PROBLEM DESCRIPTION: Begin with the line that has "this 1652×1652 image.". Give it and every line after it again, exactly, through the end of the entries below.

AVAILABLE DATA:
**********

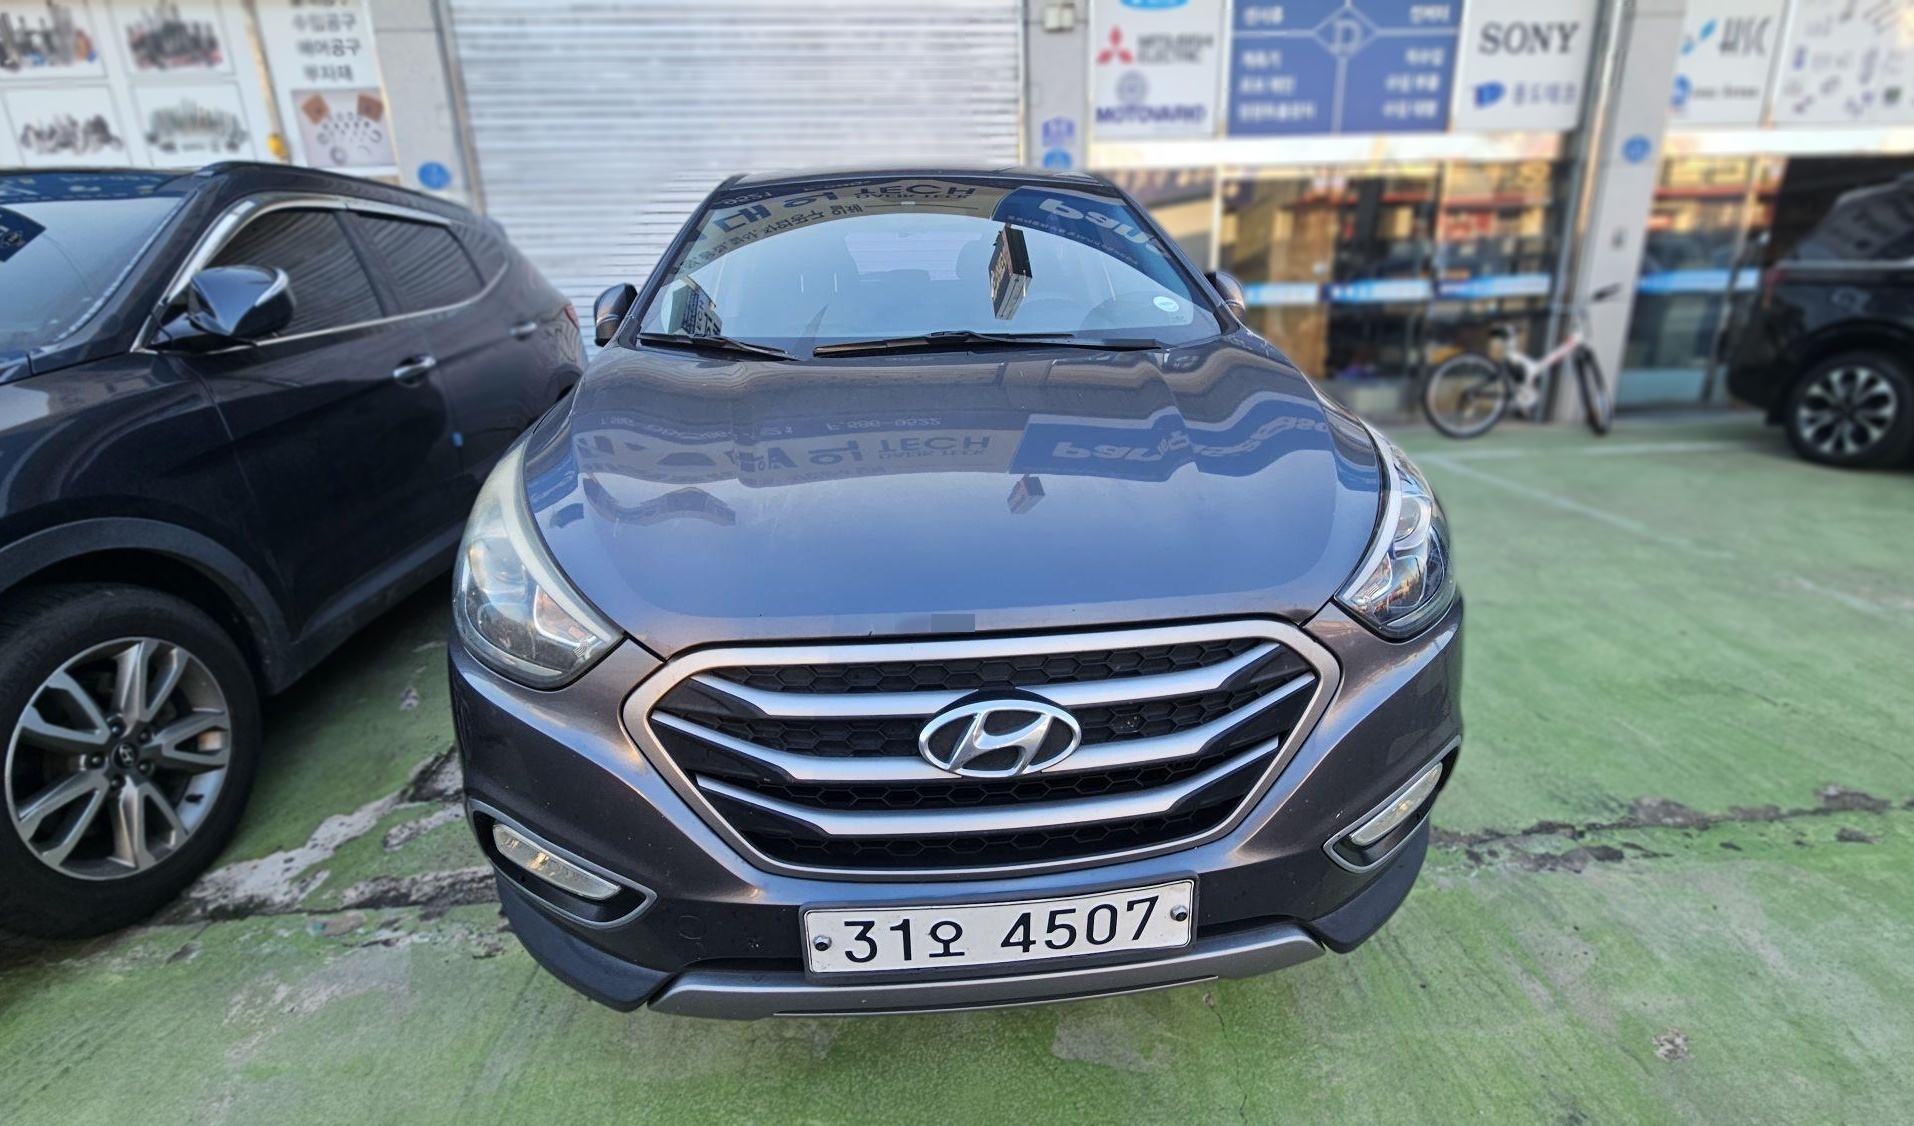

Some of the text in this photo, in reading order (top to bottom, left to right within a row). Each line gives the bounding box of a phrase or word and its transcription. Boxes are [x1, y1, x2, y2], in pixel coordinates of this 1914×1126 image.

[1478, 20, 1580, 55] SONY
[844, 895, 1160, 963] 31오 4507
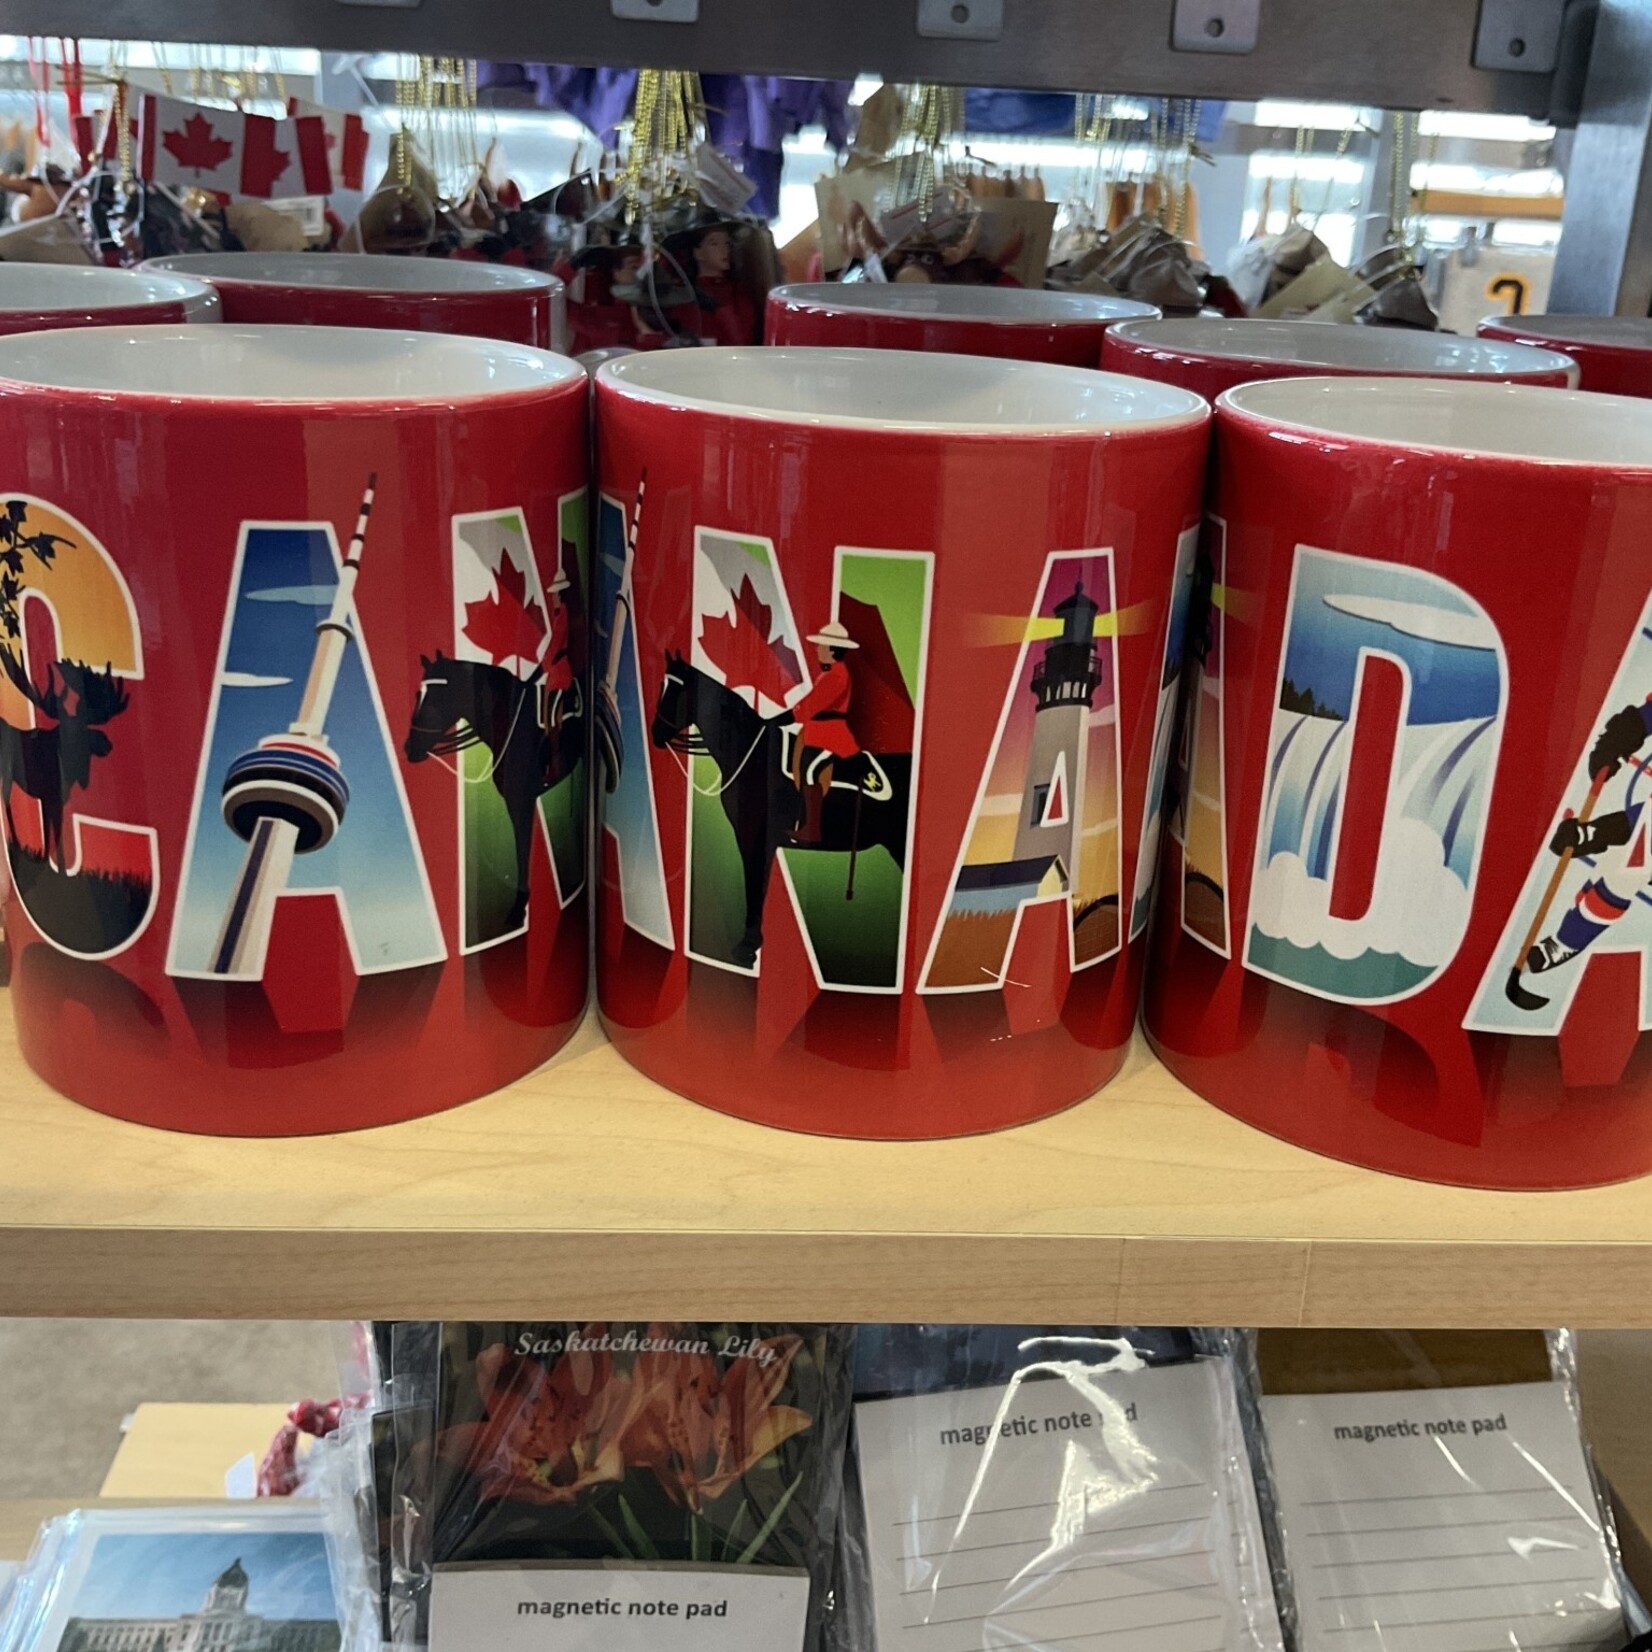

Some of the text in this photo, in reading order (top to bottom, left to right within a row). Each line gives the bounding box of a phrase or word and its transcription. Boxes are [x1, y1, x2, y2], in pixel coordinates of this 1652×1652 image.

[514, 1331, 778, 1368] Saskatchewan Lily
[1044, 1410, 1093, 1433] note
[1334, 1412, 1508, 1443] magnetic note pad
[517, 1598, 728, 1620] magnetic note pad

**********

SOLUTION TO THE EXERCISE:
Some of the text in this photo, in reading order (top to bottom, left to right within a row). Each line gives the bounding box of a phrase or word and its transcription. Boxes are [x1, y1, x2, y2], in pixel coordinates of this 1652×1652 image.

[514, 1331, 778, 1368] Saskatchewan Lily
[1044, 1410, 1093, 1433] note
[1334, 1412, 1508, 1443] magnetic note pad
[517, 1598, 728, 1620] magnetic note pad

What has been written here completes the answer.